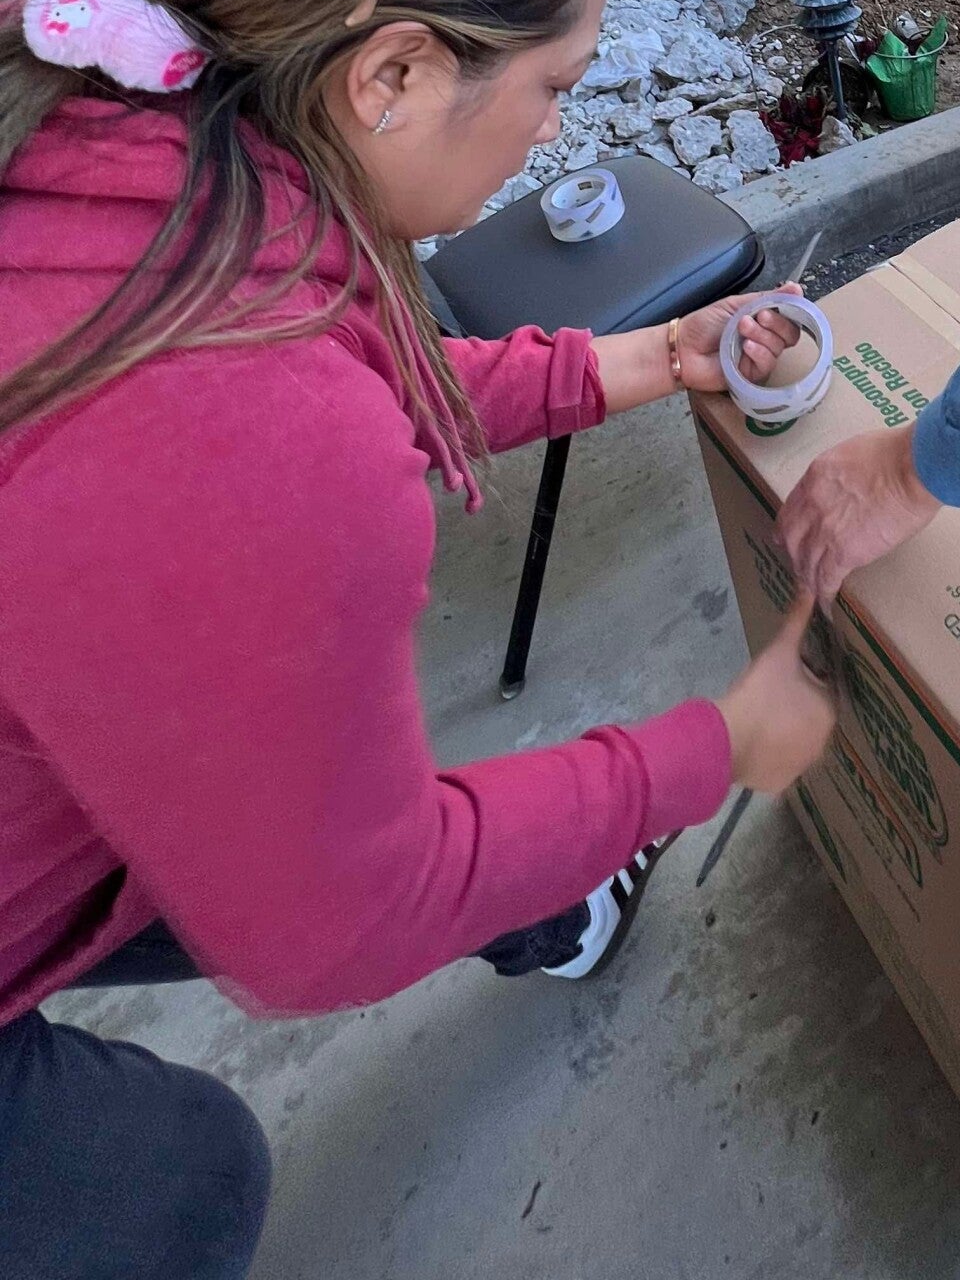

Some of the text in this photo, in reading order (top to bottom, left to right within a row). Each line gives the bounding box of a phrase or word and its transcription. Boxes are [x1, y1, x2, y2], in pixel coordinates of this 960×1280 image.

[825, 351, 914, 430] Recompra
[848, 339, 911, 394] Recibo
[899, 385, 932, 413] on
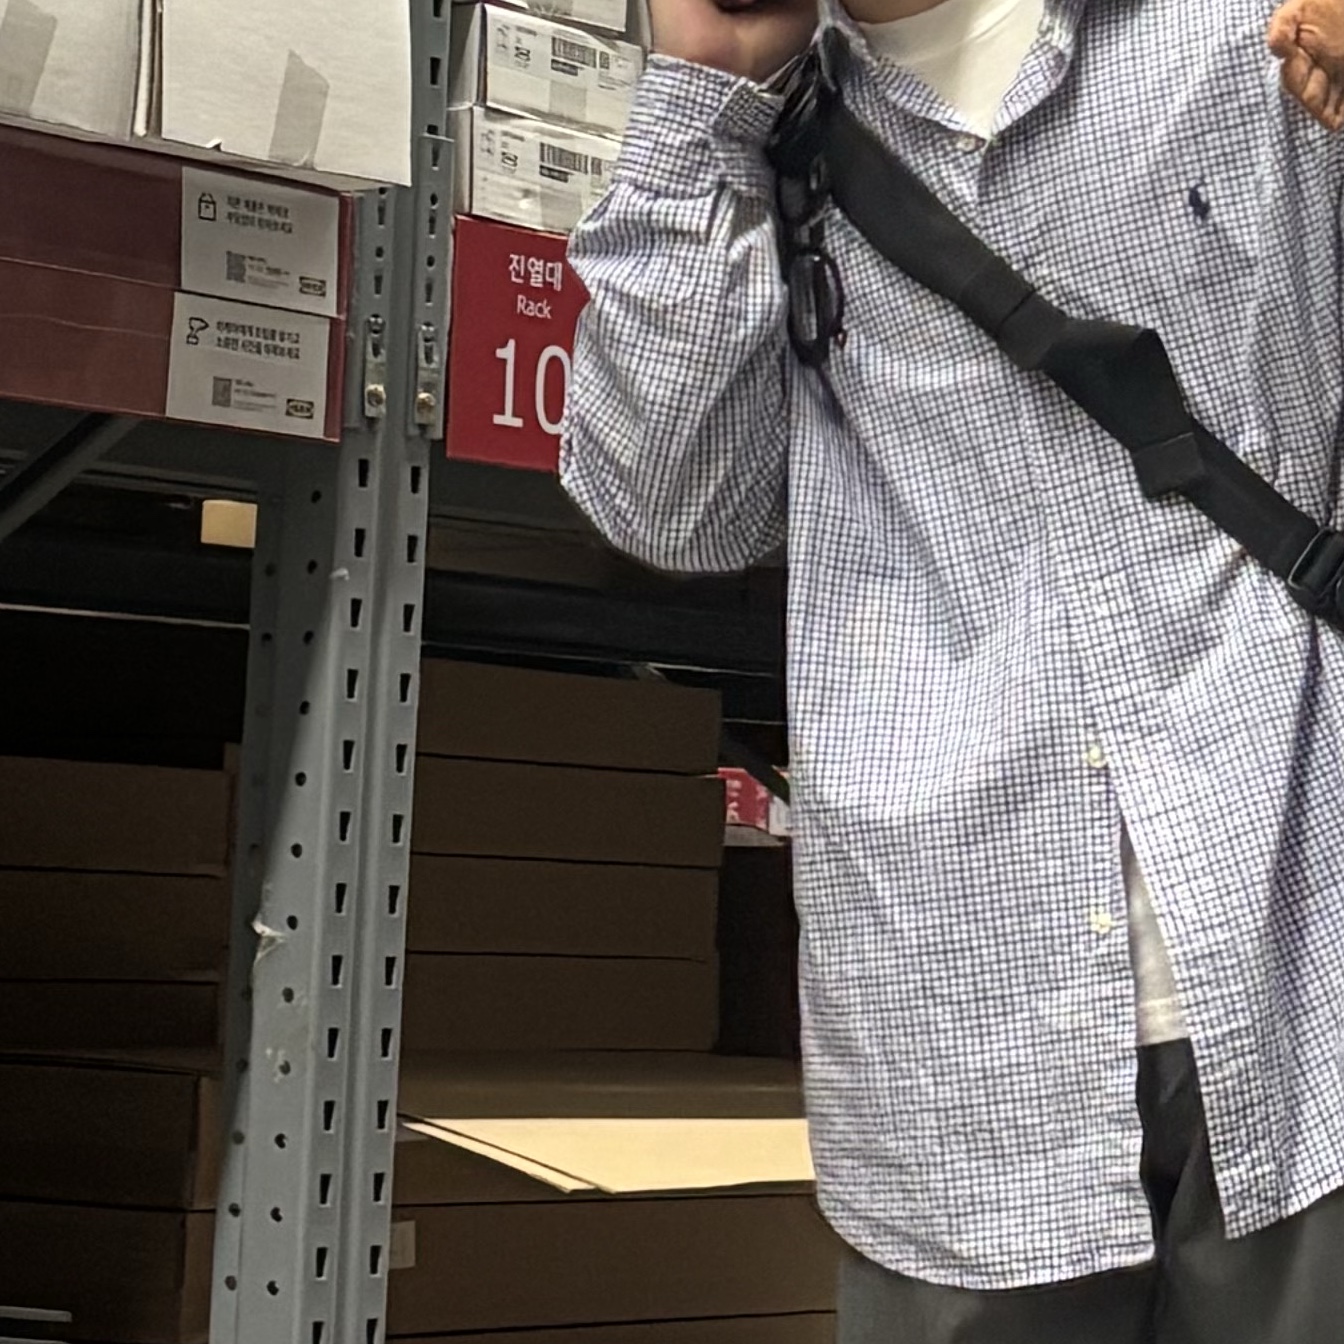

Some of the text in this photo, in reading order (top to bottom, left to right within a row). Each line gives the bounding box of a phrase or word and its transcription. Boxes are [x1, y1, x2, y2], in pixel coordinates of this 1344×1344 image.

[508, 254, 563, 292] 진열대
[516, 294, 552, 319] Rack
[492, 338, 573, 435] 10
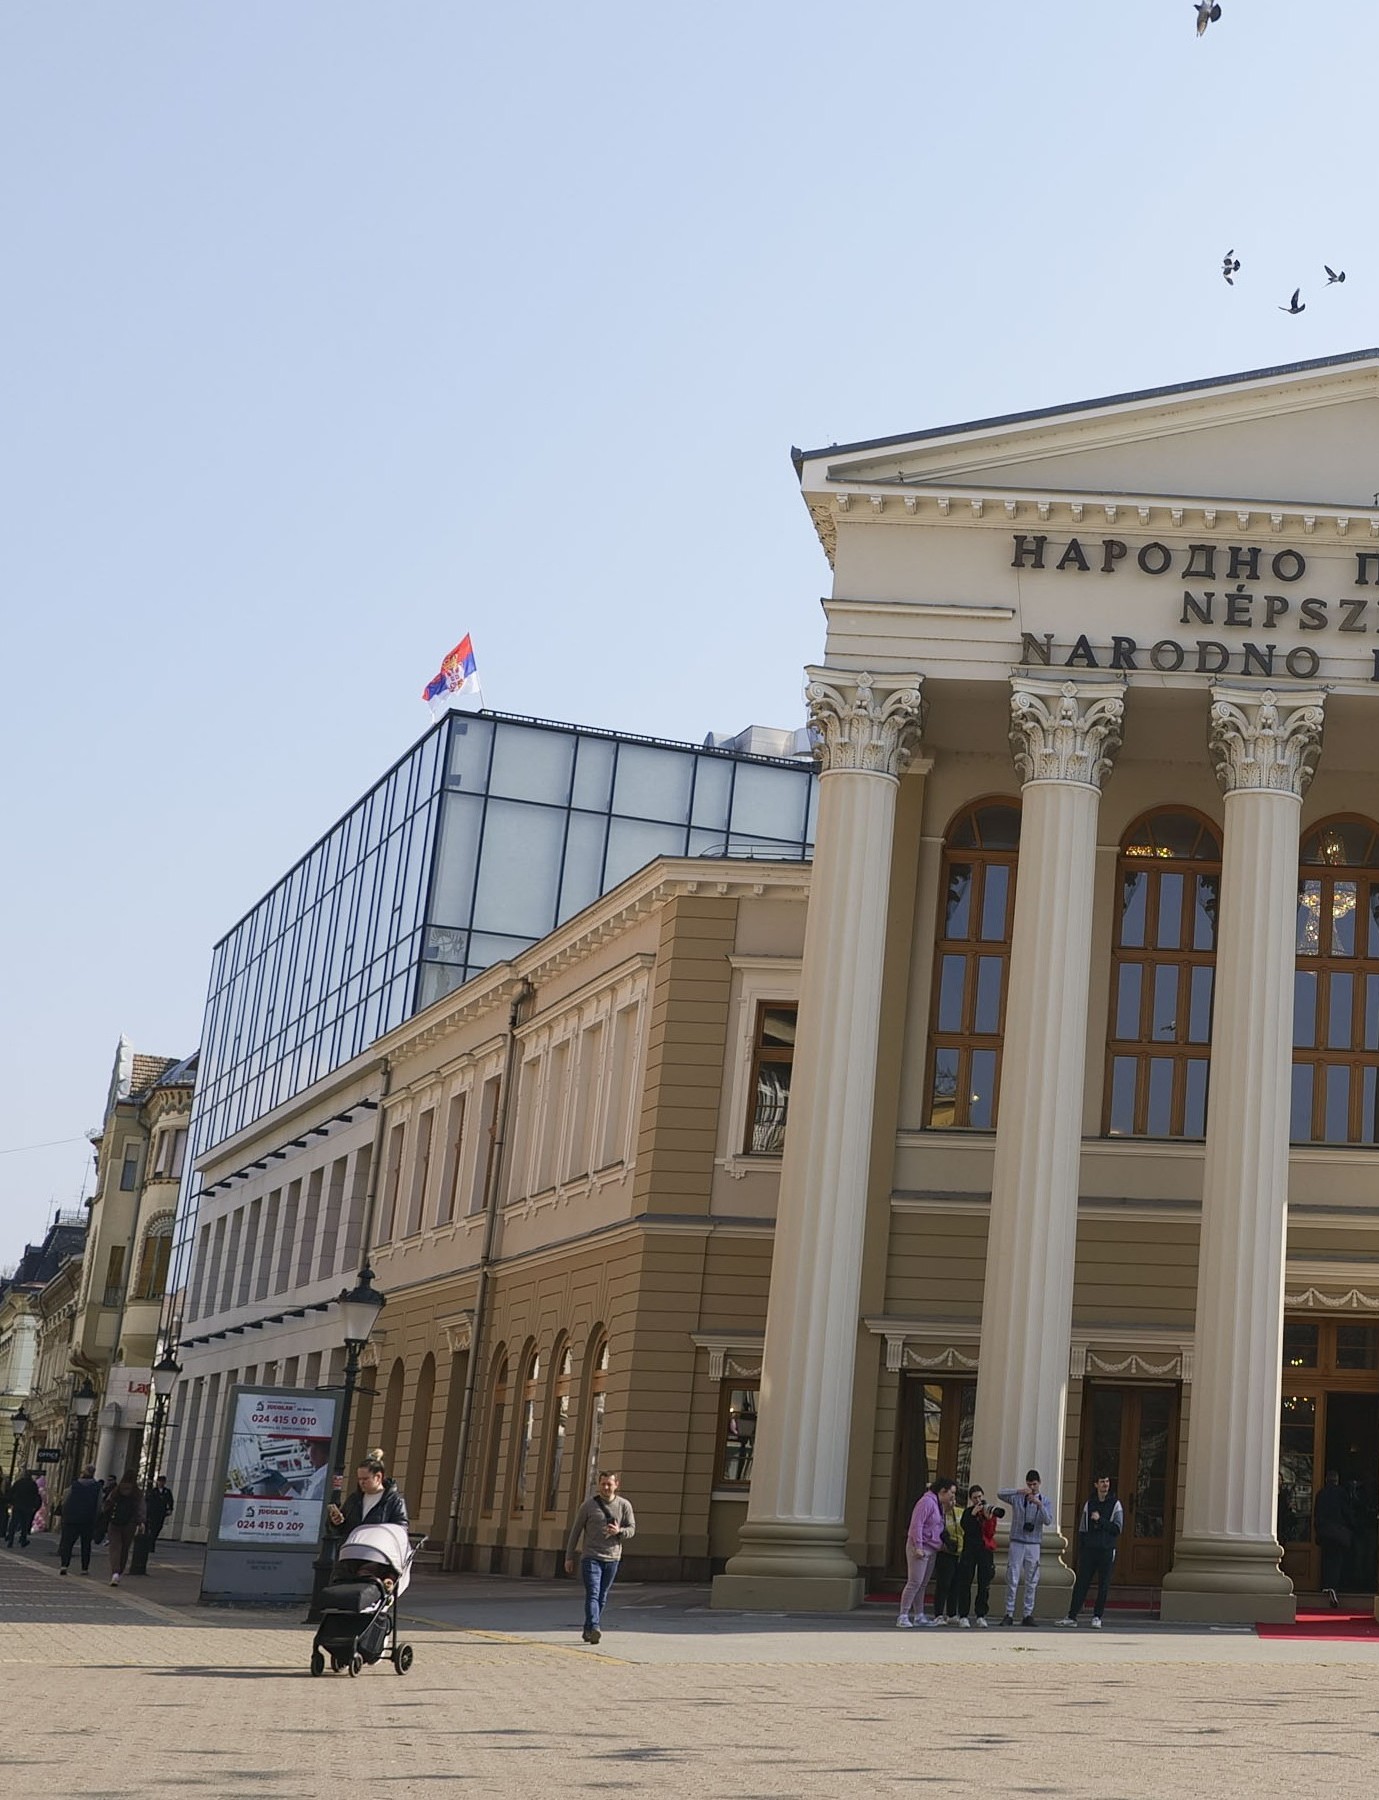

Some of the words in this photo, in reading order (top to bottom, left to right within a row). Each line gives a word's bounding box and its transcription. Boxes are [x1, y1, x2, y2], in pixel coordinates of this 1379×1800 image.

--------------------------------------------------

▶ **PROBLEM**:
Set down each line of the material exactly and skip every image.

▶ **TASK RESULT**:
Some of the text in this photo, in reading order (top to bottom, left to right within a row). Each line gives the bounding box of a phrase or word and its transcription. Boxes are [x1, y1, x2, y2], in pixel coordinates of this 960×1280 image.

[825, 351, 914, 430] Recompra
[848, 339, 911, 394] Recibo
[899, 385, 932, 413] on

Some of the text in this photo, in reading order (top to bottom, left to right within a row). Each line gives the bounding box of a phrase or word and its transcription. Boxes are [x1, y1, x2, y2], in pixel coordinates of this 1344×1344 image.

[508, 254, 563, 292] 진열대
[516, 294, 552, 319] Rack
[492, 338, 573, 435] 10

Some of the words in this photo, in reading order (top to bottom, left to right within a row). Each line gives a word's bounding box and its transcription. Boxes are [x1, y1, x2, y2], in pixel coordinates of this 1379×1800 image.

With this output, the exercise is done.